Please reproduce the entries exactly as they appear below, but not the pictures.

• [DATA TO EXAMINE]
▶

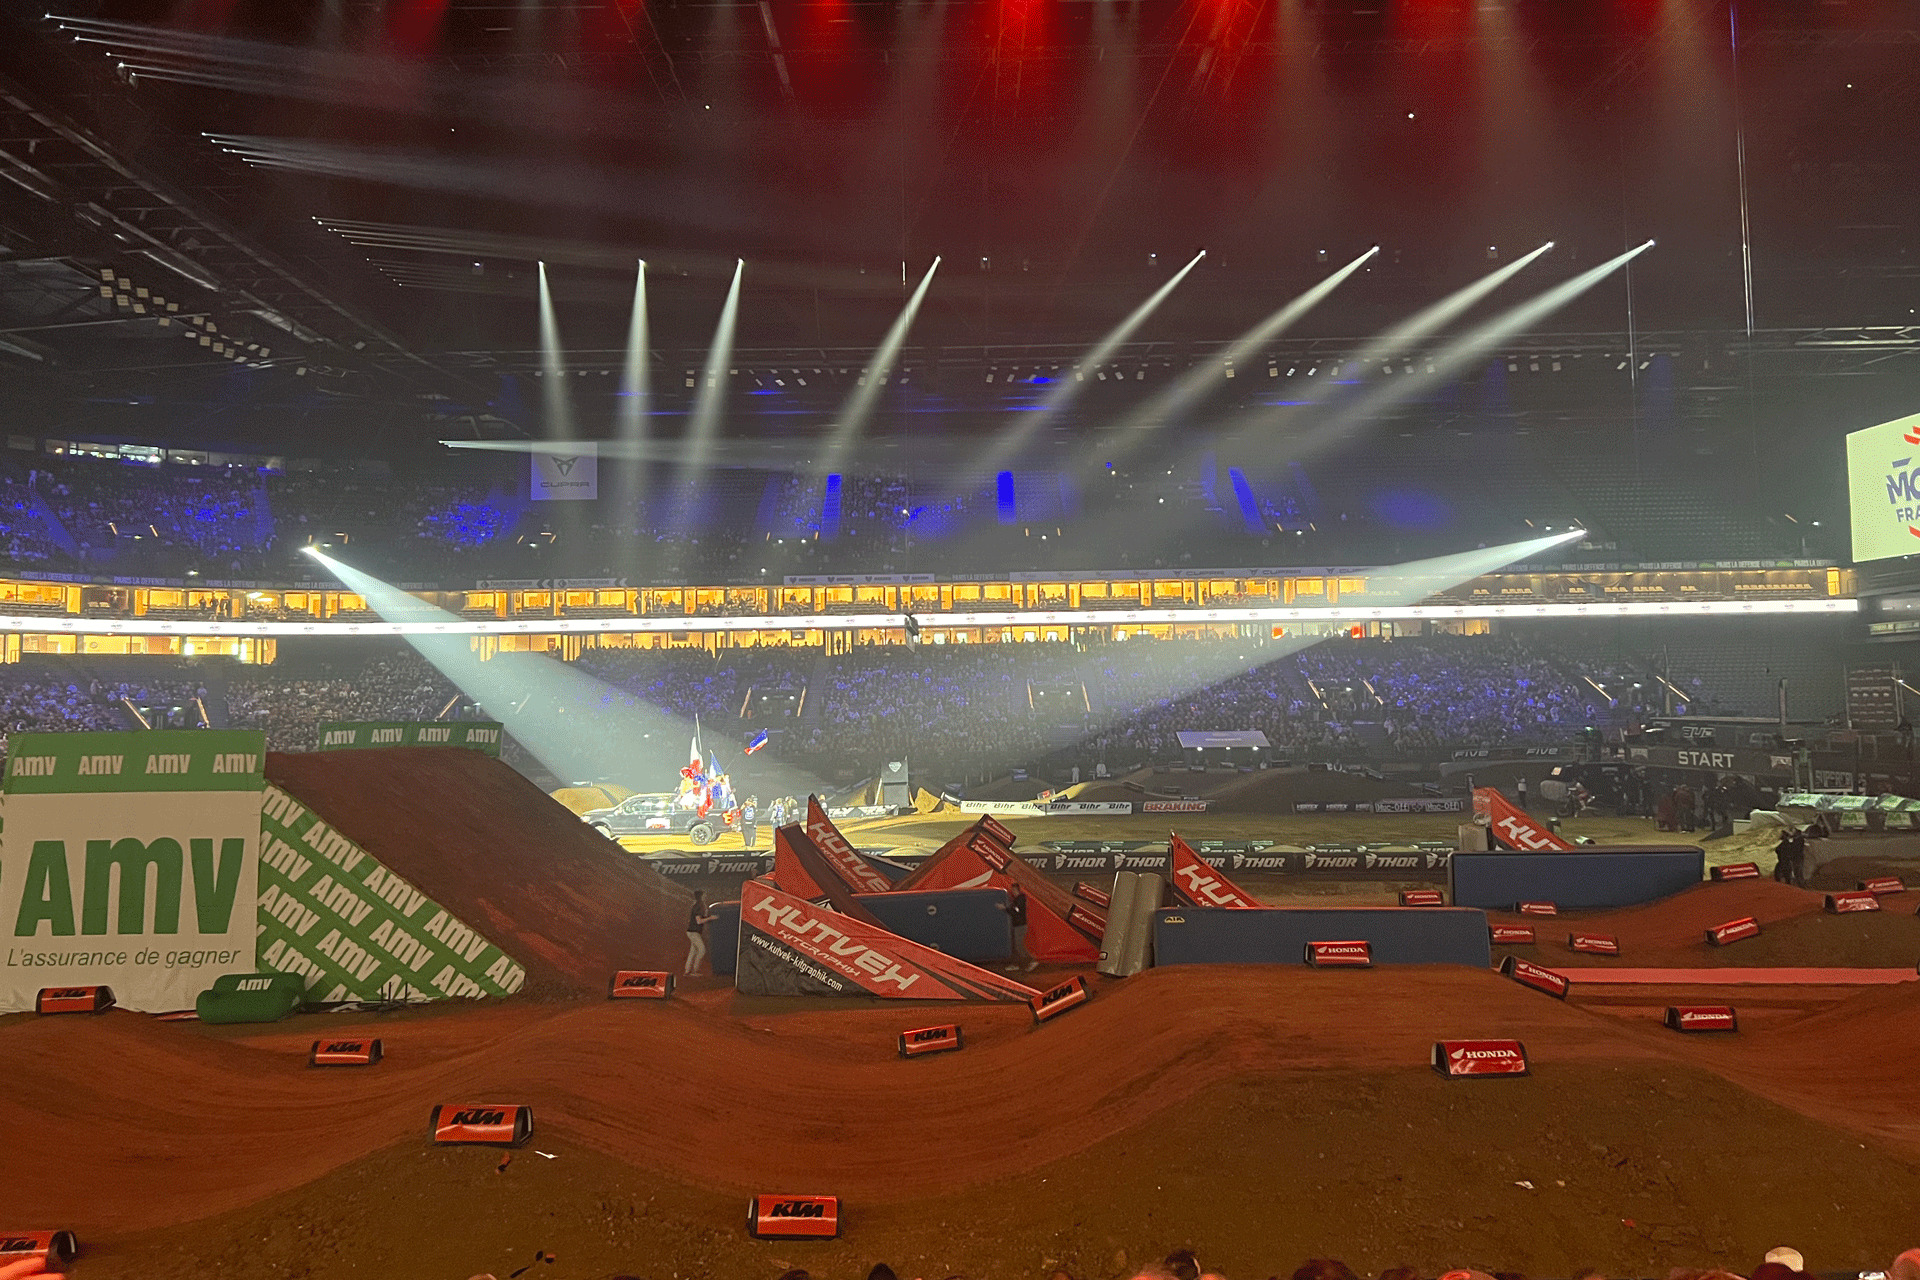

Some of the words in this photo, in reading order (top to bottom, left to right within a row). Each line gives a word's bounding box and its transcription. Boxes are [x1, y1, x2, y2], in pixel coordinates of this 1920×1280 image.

[1738, 560, 1760, 568] DEFENSE
[1794, 559, 1809, 567] PARIS
[1455, 750, 1489, 758] FIVE
[1526, 747, 1559, 756] FIVE
[1678, 751, 1734, 768] START
[1144, 801, 1207, 812] BRAKING
[982, 844, 1004, 863] HONDA
[719, 862, 758, 873] THOR
[1066, 857, 1107, 868] THOR
[1126, 857, 1166, 867] THOR
[1245, 857, 1285, 868] THOR
[1317, 857, 1358, 867] THOR
[1377, 857, 1418, 867] THOR
[662, 863, 701, 874] THOR
[7, 948, 127, 967] L'assurance
[135, 947, 160, 965] de
[165, 949, 242, 969] gagner
[751, 934, 843, 992] www.kutvek-kitgraphik.com
[1528, 966, 1565, 986] HONDA
[1042, 984, 1072, 1006] KTM
[914, 1029, 947, 1042] KTM
[325, 1041, 362, 1052] KTM
[1465, 1050, 1518, 1059] HONDA
[451, 1109, 505, 1125] KTM
[771, 1200, 825, 1217] KTM
[0, 1237, 38, 1251] TM
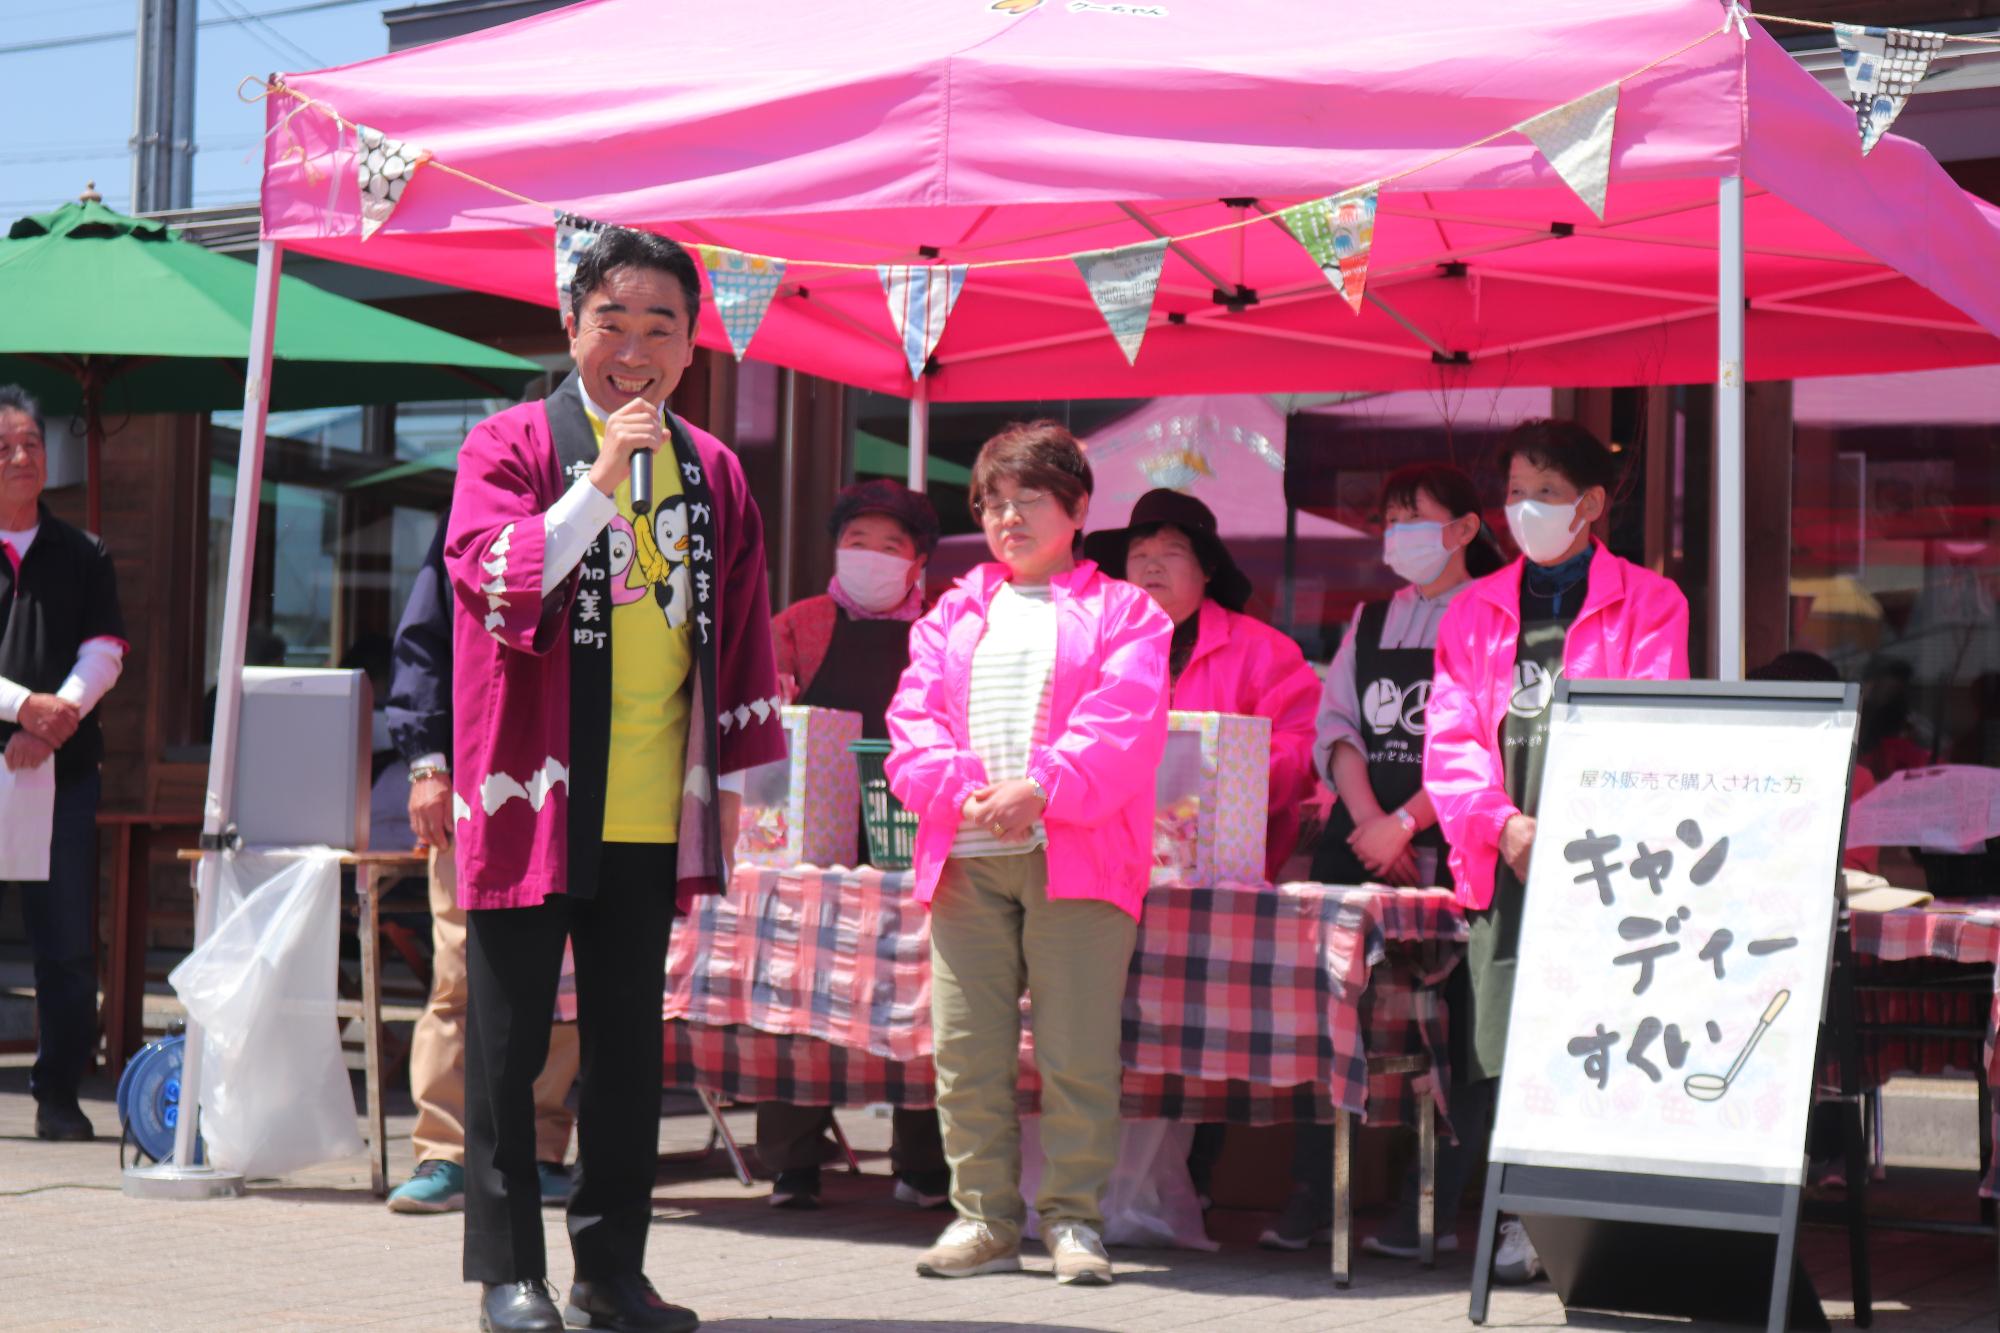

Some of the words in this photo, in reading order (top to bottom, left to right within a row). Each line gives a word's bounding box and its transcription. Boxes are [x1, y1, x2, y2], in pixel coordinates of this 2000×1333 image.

◀

• [ANSWER BELOW]
Some of the words in this photo, in reading order (top to bottom, left to right within a row). Each line gives a word's bounding box and its transcription. Boxes are [x1, y1, x2, y2], in pixel coordinates of this 1920×1280 image.

[1738, 560, 1760, 568] DEFENSE
[1794, 559, 1809, 567] PARIS
[1455, 750, 1489, 758] FIVE
[1526, 747, 1559, 756] FIVE
[1678, 751, 1734, 768] START
[1144, 801, 1207, 812] BRAKING
[982, 844, 1004, 863] HONDA
[719, 862, 758, 873] THOR
[1066, 857, 1107, 868] THOR
[1126, 857, 1166, 867] THOR
[1245, 857, 1285, 868] THOR
[1317, 857, 1358, 867] THOR
[1377, 857, 1418, 867] THOR
[662, 863, 701, 874] THOR
[7, 948, 127, 967] L'assurance
[135, 947, 160, 965] de
[165, 949, 242, 969] gagner
[751, 934, 843, 992] www.kutvek-kitgraphik.com
[1528, 966, 1565, 986] HONDA
[1042, 984, 1072, 1006] KTM
[914, 1029, 947, 1042] KTM
[325, 1041, 362, 1052] KTM
[1465, 1050, 1518, 1059] HONDA
[451, 1109, 505, 1125] KTM
[771, 1200, 825, 1217] KTM
[0, 1237, 38, 1251] TM

Some of the words in this photo, in reading order (top to bottom, left to right within a row). Each line gives a word's bounding box and its transcription. Boxes are [x1, y1, x2, y2], in pixel coordinates of this 2000×1333 image.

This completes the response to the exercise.